> **DATA SHOWN**:
========

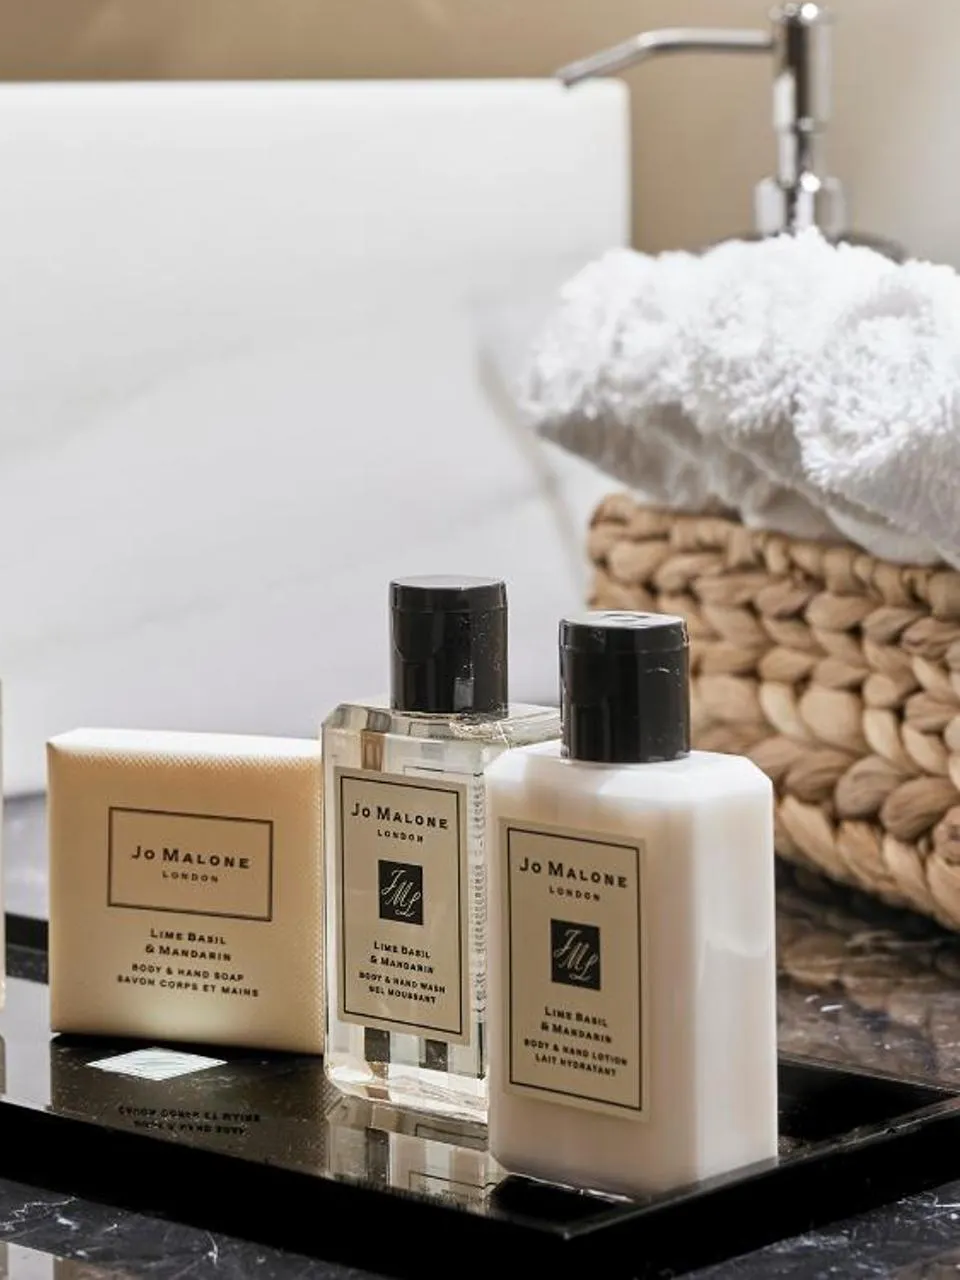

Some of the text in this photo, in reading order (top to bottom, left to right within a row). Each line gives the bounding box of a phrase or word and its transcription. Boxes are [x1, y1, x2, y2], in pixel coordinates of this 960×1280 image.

[351, 802, 448, 829] JO MALONE
[377, 829, 423, 842] LONDON
[131, 845, 250, 869] JO MALONE
[162, 870, 218, 883] LONDON
[520, 856, 628, 889] JO MALONE
[549, 885, 600, 902] LONDON
[150, 928, 226, 945] LIME BASIL
[145, 944, 232, 961] & MANDARIN
[374, 940, 431, 959] LIME BASIL
[132, 963, 244, 982] BODY & HAND SOAP
[370, 955, 434, 974] & MANDARIN
[117, 974, 259, 998] SAVON CORPS ET MAINS
[359, 971, 445, 994] BODY & HAND WASH
[388, 989, 436, 1004] MOUSSANT
[545, 1006, 607, 1028] LIME BASIL
[541, 1021, 612, 1043] & MANDARIN
[524, 1038, 628, 1066] BODY & HAND LOTION
[535, 1053, 557, 1065] LAIT
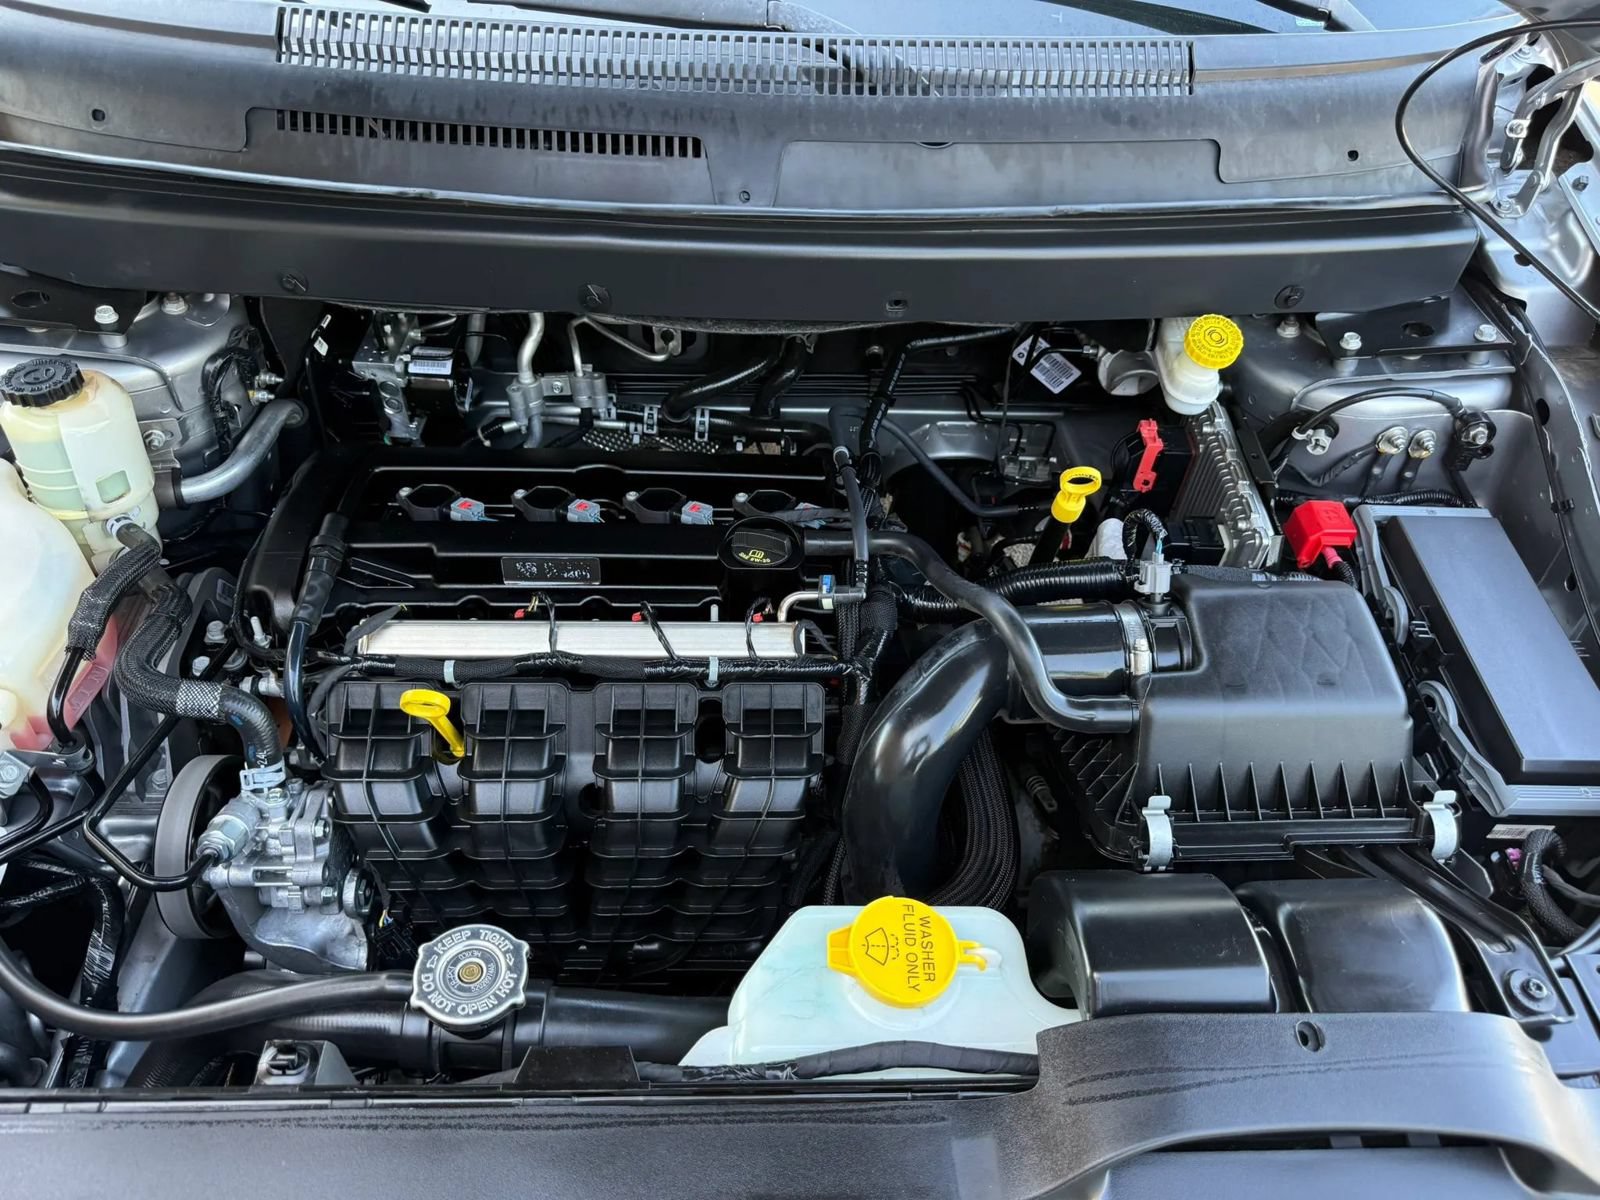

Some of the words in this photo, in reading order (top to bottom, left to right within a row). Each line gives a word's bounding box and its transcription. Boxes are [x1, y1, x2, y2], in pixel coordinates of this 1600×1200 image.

[434, 930, 471, 954] KEEP
[480, 929, 514, 952] TIGHT
[902, 904, 917, 947] FLUID
[919, 915, 936, 982] WASHER
[421, 973, 435, 992] DO
[428, 991, 456, 1013] NOT
[457, 995, 498, 1015] OPEN
[496, 970, 518, 998] HOT
[905, 953, 921, 992] ONLY
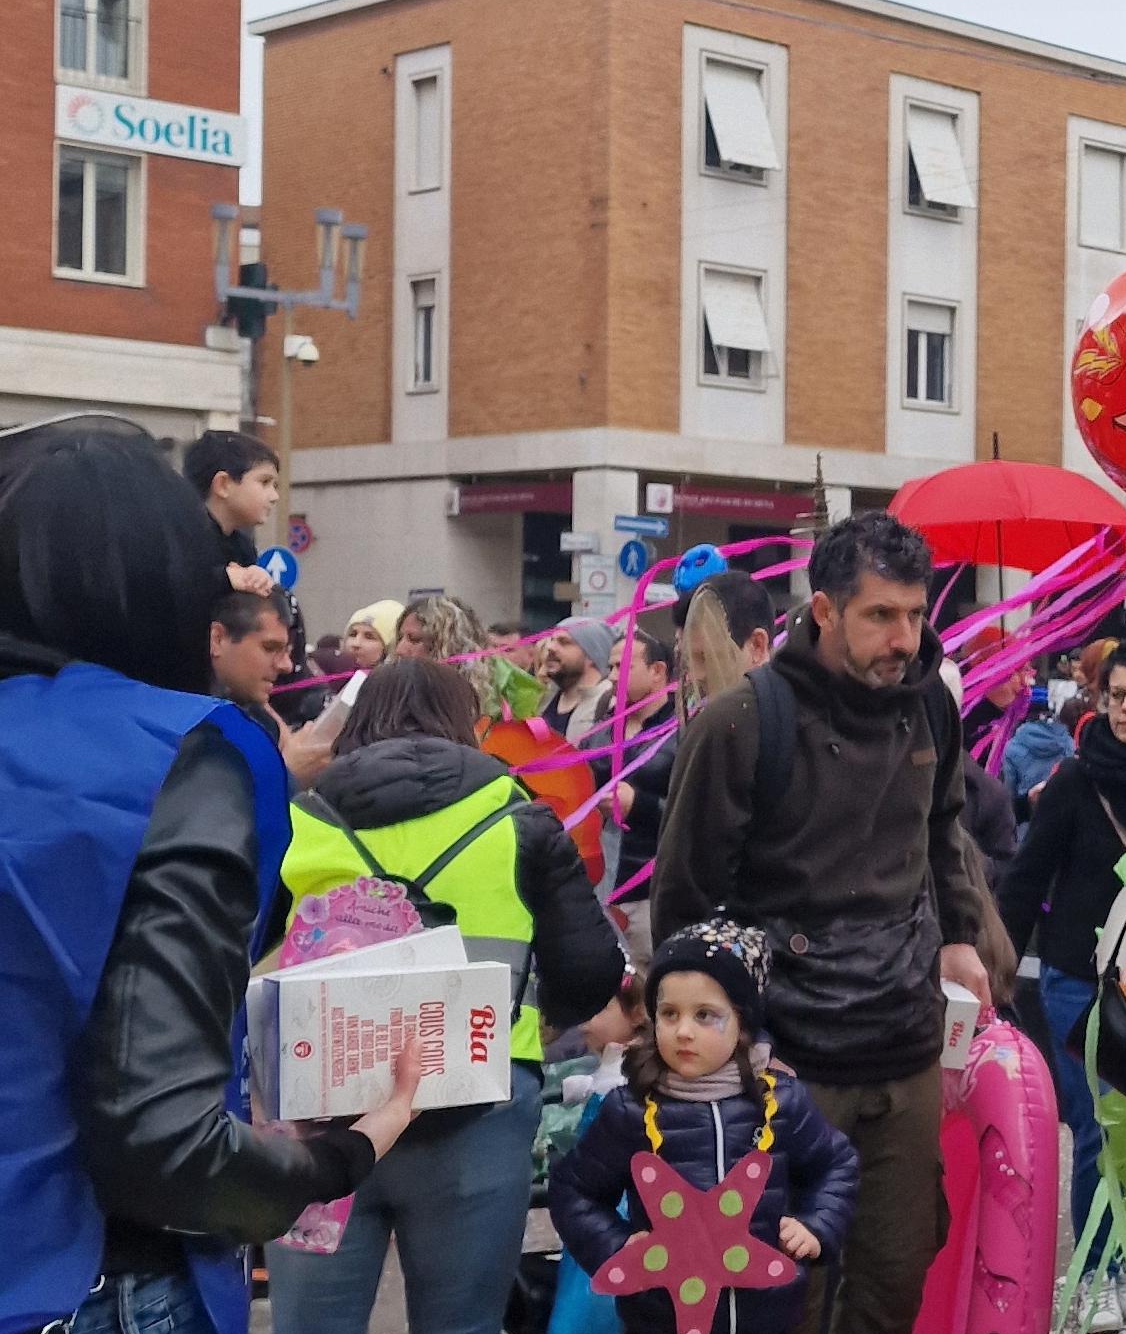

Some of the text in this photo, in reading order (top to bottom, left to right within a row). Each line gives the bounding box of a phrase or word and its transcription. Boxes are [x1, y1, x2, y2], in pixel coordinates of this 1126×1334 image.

[114, 105, 232, 156] Soelia
[419, 1001, 445, 1037] COUS
[469, 1005, 496, 1065] Bia

========

Everything from the line containing "this 1126×1334 image." to the last line of the material above must be copied exactly, and only that.

> **SOLUTION**:
Some of the text in this photo, in reading order (top to bottom, left to right within a row). Each line gives the bounding box of a phrase or word and its transcription. Boxes are [x1, y1, x2, y2], in pixel coordinates of this 1126×1334 image.

[114, 105, 232, 156] Soelia
[419, 1001, 445, 1037] COUS
[469, 1005, 496, 1065] Bia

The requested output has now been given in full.